The depressive symptoms scale, showed a two-factor distribution that distinguished between depressive mood and somatic symptoms. The suicidal ideation scale obtained an appropriate internal consistency score and in accordance with previous research in Mexican populations, only one factor was obtained that explained a high percentage of the total variance. The self-esteem scale showed a factorial distribution very similar to the one previously obtained in Mexican adolescents, although not all of the statistical scores were adequate, for instance, in the family relationships and anger subscales (Cronbach alphas < .70). The psychological characteristics scale obtained a 4 factor distribution, eliminated the questions related to the measurement of perfectionism, kept the maturity fears questions, and, the cluster of questions that were originally directed to measure body image, yielded two subscales, one related to the actual aesthetical body model, and the other directly related to body dissatisfaction, all of which obtained good statistical scores of internal consistency and explained variance. The scale “Relationship with brothers and sisters”, and “Relationship with males” obtained good statistical scores, in a one factor structure that clustered positive and negative questions. The relationship with father scale, showed a 5-factor structure with an appropriate total internal consistency score; nevertheless, 2 of the 5 subscales: father’s criticism and father’s maltreatment were not conceptually coherent. In the opposite, the other 3 subscales were conceptually good but one of them had a low internal consistency (Fathers support). On the other hand, the distribution of the same questions in the relationship with mother scale had more conceptual coherence and good statistical scores. The only subscale that showed some problem was the one denominated “Worth”, it includes four questions: two refer to the daughter’s perception of her mother’s demands, and two refer to the daughter’s perception of the worth her mother recognizes in her.
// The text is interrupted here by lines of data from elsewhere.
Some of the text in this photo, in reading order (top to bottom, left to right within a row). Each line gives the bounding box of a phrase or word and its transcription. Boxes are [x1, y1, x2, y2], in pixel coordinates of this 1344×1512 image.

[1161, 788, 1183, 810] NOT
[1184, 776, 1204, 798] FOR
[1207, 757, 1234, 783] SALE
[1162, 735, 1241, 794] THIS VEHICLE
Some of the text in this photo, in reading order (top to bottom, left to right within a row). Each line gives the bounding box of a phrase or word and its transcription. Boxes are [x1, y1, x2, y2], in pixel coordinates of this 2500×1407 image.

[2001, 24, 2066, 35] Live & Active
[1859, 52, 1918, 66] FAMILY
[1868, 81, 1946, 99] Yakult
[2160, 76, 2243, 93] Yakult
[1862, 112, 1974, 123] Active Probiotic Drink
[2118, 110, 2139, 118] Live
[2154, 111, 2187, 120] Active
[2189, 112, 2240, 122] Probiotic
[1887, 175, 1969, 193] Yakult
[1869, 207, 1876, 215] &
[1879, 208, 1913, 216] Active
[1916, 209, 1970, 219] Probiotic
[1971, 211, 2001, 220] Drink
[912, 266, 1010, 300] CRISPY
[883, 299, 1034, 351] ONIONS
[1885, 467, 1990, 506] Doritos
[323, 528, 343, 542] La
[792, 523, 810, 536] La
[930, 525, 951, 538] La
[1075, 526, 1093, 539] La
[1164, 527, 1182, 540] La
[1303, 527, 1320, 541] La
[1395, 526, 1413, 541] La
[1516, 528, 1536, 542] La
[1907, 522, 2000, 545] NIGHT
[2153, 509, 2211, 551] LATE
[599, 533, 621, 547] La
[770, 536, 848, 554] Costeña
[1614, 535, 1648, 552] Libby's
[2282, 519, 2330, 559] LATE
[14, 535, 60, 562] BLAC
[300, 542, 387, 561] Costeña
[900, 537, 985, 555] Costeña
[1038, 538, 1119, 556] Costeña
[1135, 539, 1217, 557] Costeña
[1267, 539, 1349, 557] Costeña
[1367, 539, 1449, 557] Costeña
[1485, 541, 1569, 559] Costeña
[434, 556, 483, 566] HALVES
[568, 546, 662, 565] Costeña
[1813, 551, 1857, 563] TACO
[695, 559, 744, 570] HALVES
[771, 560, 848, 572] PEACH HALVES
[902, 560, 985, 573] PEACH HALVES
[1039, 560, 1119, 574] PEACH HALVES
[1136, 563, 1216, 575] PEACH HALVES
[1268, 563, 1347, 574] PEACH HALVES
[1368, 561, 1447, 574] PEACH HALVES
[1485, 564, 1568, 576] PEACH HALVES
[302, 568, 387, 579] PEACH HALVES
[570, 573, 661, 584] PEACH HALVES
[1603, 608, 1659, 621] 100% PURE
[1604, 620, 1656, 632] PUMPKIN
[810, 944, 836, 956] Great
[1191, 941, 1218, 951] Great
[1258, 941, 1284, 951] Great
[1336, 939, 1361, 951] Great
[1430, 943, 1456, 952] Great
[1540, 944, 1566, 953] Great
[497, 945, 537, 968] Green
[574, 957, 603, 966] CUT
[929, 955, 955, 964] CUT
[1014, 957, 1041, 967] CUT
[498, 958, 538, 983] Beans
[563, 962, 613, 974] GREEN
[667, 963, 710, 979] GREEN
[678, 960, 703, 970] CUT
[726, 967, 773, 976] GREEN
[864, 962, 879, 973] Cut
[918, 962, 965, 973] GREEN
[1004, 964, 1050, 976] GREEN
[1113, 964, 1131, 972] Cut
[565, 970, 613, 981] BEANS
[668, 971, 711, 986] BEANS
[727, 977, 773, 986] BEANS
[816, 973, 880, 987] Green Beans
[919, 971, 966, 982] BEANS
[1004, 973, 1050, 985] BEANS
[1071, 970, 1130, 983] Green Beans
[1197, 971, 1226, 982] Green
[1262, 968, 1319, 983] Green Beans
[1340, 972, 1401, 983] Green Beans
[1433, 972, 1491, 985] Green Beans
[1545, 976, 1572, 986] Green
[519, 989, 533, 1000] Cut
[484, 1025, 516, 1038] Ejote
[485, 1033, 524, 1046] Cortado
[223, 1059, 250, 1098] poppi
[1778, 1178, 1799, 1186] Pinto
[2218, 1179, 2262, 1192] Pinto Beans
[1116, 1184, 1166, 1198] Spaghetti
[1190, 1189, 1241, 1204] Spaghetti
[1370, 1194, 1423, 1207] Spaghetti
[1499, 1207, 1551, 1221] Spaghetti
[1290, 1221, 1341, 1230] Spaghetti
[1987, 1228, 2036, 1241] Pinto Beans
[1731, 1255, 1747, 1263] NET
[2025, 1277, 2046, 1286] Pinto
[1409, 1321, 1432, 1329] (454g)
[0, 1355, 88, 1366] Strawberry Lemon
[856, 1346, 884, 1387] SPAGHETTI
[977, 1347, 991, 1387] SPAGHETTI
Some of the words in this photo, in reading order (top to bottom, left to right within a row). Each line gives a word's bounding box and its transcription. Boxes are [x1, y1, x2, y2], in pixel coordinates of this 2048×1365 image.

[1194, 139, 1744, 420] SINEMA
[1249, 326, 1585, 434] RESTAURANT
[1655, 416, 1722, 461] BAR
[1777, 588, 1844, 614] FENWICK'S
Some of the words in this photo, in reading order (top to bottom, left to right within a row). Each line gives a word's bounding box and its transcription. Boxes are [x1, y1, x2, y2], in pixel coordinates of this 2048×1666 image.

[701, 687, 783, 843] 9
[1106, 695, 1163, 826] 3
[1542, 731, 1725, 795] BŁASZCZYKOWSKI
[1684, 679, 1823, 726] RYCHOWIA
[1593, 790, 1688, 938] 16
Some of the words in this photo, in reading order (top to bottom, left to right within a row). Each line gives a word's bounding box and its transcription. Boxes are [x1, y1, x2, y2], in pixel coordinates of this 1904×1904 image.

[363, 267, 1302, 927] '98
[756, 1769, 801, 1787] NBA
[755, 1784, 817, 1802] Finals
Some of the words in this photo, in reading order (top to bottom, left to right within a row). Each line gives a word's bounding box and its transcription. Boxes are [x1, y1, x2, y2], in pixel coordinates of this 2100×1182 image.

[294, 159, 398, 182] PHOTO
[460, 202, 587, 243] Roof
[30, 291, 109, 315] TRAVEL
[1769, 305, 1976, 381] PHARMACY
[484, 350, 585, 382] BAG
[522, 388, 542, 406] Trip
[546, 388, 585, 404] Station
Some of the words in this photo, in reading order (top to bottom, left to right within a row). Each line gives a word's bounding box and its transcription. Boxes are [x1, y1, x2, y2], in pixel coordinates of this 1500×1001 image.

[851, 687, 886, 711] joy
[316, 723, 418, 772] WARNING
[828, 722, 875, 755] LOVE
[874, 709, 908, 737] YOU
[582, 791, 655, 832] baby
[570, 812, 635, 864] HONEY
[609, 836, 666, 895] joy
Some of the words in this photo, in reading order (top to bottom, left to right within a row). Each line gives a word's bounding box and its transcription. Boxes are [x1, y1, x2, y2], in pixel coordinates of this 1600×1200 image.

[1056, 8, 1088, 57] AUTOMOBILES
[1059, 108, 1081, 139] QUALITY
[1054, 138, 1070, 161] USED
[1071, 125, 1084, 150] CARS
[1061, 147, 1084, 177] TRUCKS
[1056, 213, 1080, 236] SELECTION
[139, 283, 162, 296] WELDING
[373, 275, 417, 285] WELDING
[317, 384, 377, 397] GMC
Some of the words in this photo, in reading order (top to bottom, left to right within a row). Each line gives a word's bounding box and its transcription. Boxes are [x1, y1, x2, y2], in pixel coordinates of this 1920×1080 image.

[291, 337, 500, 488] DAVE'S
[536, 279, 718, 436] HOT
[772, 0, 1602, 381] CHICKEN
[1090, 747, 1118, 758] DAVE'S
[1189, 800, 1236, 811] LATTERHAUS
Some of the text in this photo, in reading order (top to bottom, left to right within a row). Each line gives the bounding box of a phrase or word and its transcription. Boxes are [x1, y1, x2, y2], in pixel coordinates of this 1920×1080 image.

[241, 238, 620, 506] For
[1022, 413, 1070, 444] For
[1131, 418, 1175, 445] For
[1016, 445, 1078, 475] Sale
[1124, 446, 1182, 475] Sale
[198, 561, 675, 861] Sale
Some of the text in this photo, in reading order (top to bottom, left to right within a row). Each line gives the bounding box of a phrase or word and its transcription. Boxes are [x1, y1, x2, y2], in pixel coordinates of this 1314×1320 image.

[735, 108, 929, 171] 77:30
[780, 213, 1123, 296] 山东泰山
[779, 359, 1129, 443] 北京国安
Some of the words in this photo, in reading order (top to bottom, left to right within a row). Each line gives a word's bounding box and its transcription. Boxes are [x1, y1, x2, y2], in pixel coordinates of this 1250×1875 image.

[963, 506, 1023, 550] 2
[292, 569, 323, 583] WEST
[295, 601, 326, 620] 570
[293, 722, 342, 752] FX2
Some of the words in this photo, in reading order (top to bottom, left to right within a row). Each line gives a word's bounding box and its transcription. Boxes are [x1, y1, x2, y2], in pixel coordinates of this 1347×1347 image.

In both scales, the factor that obtained the highest internal consistency score was “positive affect”, that combines questions about the positive issues of the relationship with parents in regard to the expression of affection and interest in daughter’s activities.
From these analyses a new instrument for non-clinicians was developed directly from the Mexican population, with adequate reliability and validity scores for the sample studied. That will be helpful for the detection of people at risk for eating disorders, and for sub clinical and clinical eating disorder cases. Nevertheless, given its recent development it will have to be tested in future studies to confirm its utility for eating disorders’ research in Mexico.